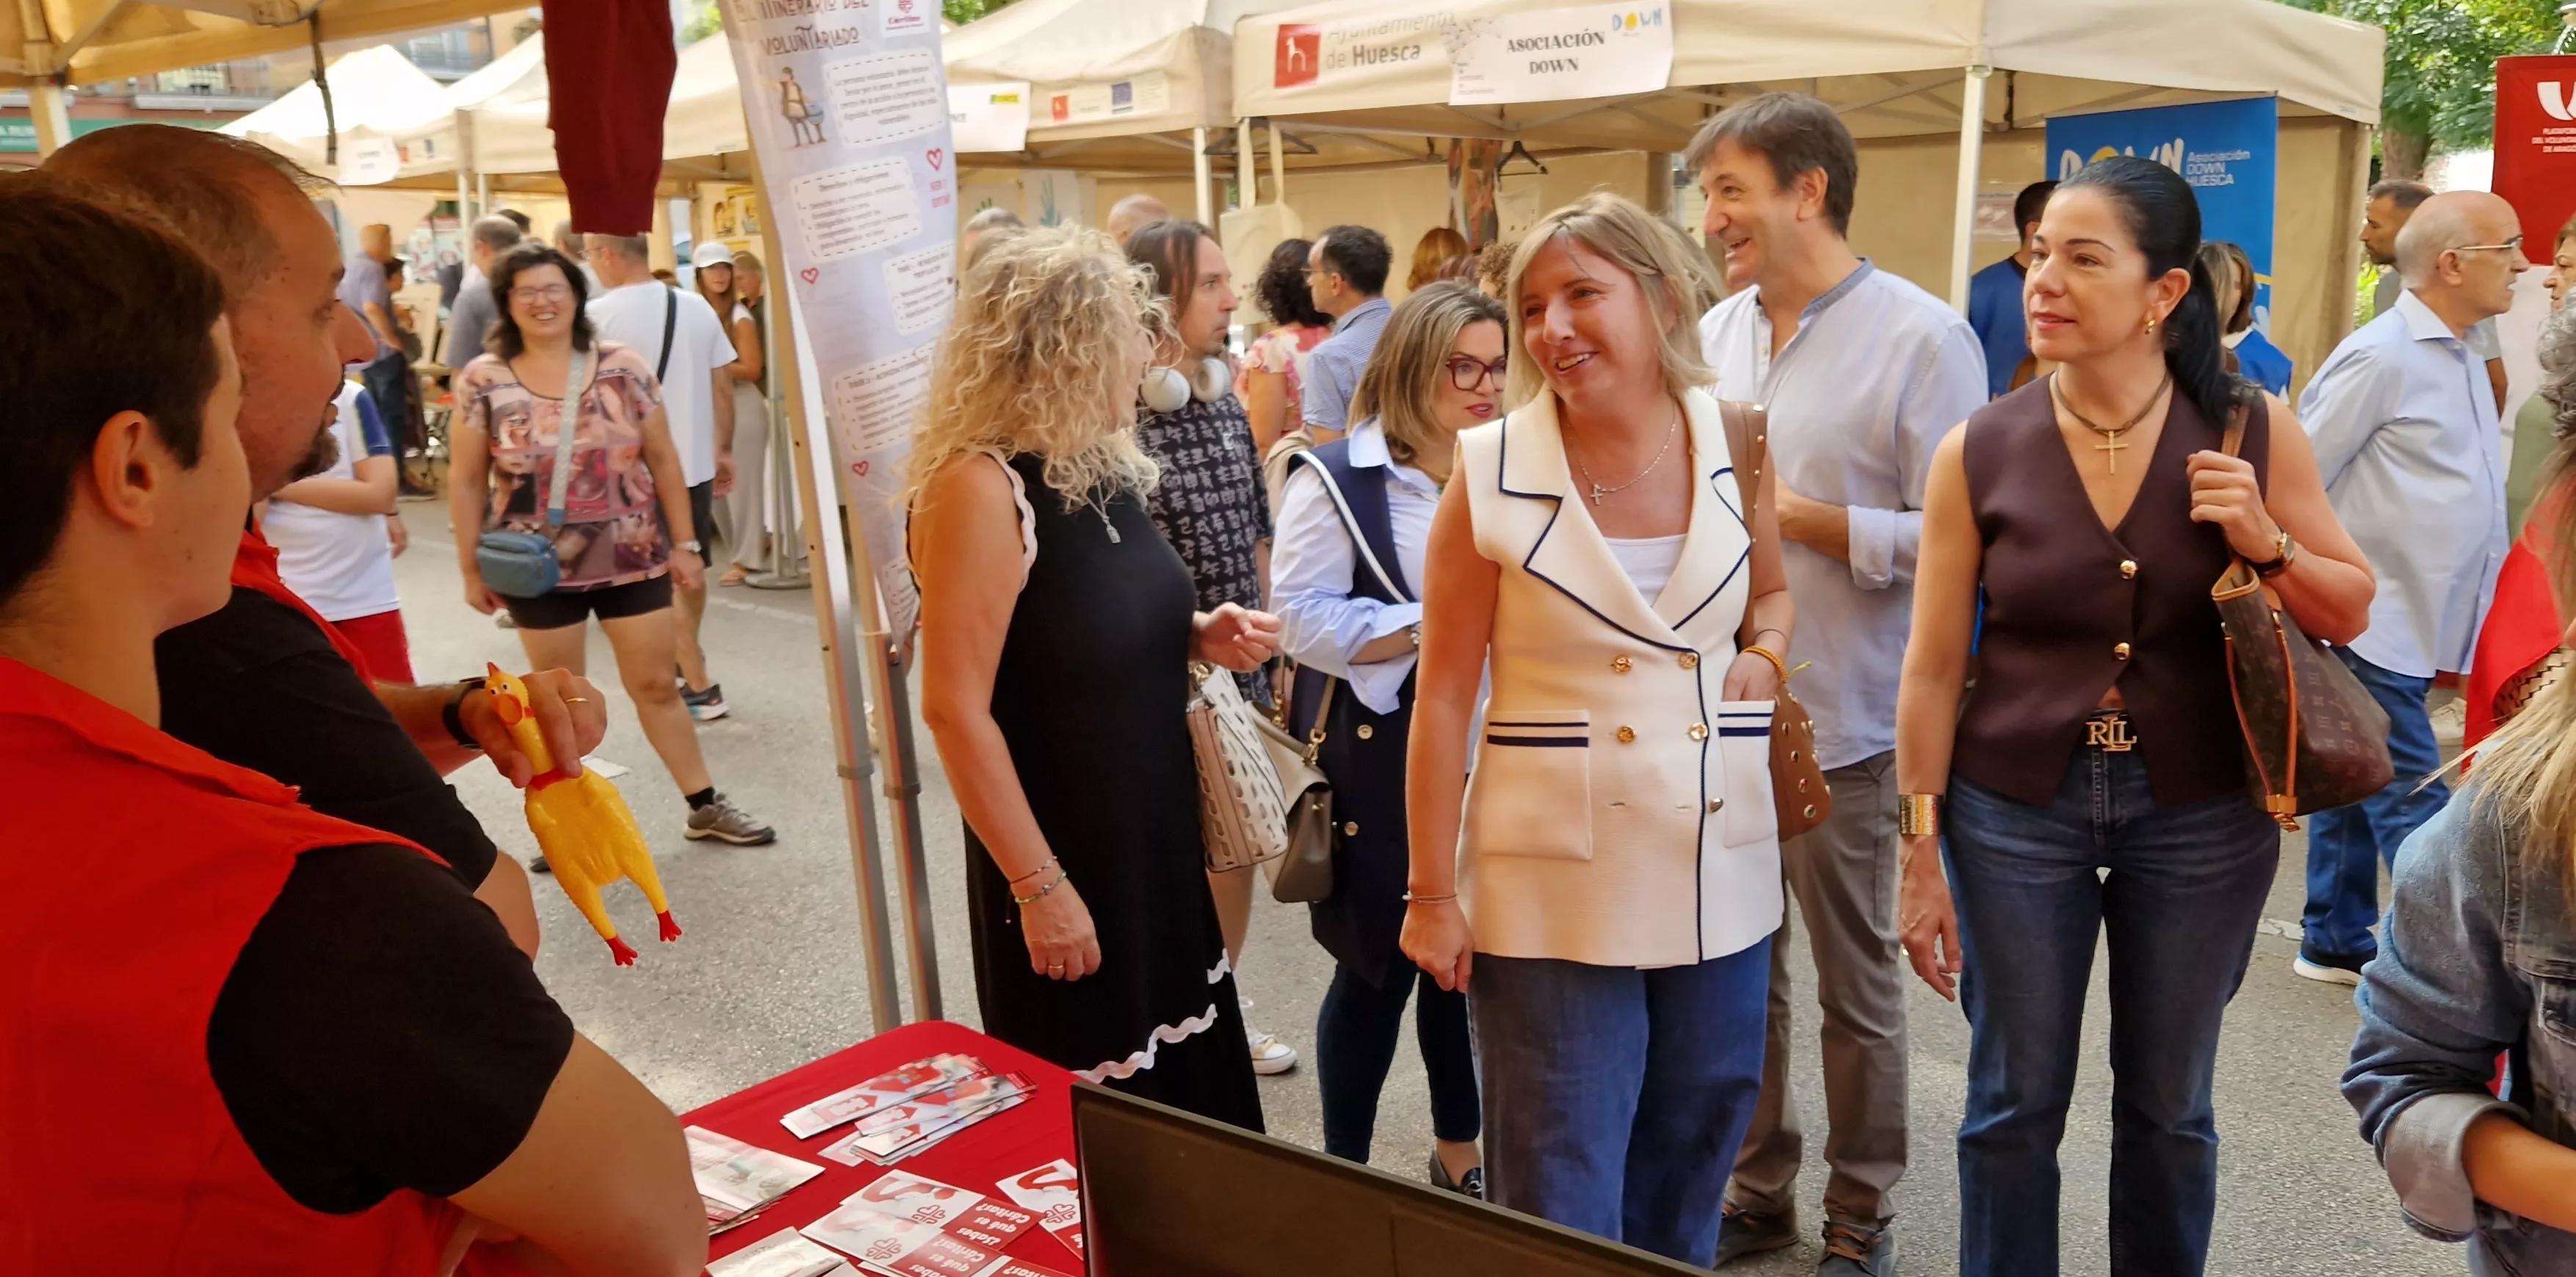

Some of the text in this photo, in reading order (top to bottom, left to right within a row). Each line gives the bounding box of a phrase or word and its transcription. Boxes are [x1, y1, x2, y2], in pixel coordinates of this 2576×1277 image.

[760, 24, 860, 55] VOLUNTARIADO
[1507, 28, 1605, 53] ASOCIACIÓN
[1326, 44, 1421, 69] de Huesca
[1529, 58, 1579, 75] DOWN
[2187, 149, 2251, 162] Asociación
[2186, 162, 2226, 175] DOWN
[975, 1202, 1031, 1224] Cáritas?
[974, 1216, 1018, 1234] qué es
[932, 1237, 986, 1263] Cáritas?
[928, 1253, 972, 1273] qué es
++++++++++++++++++++
About this exercise:
Restate each line of the records exactly; pictures do not belong in the copy.

Exercise result:
Some of the text in this photo, in reading order (top to bottom, left to right within a row). Each line gives the bounding box of a phrase or word and its transcription. Boxes are [x1, y1, x2, y2], in pixel coordinates of this 2576×1277 image.

[760, 24, 860, 55] VOLUNTARIADO
[1507, 28, 1605, 53] ASOCIACIÓN
[1326, 44, 1421, 69] de Huesca
[1529, 58, 1579, 75] DOWN
[2187, 149, 2251, 162] Asociación
[2186, 162, 2226, 175] DOWN
[975, 1202, 1031, 1224] Cáritas?
[974, 1216, 1018, 1234] qué es
[932, 1237, 986, 1263] Cáritas?
[928, 1253, 972, 1273] qué es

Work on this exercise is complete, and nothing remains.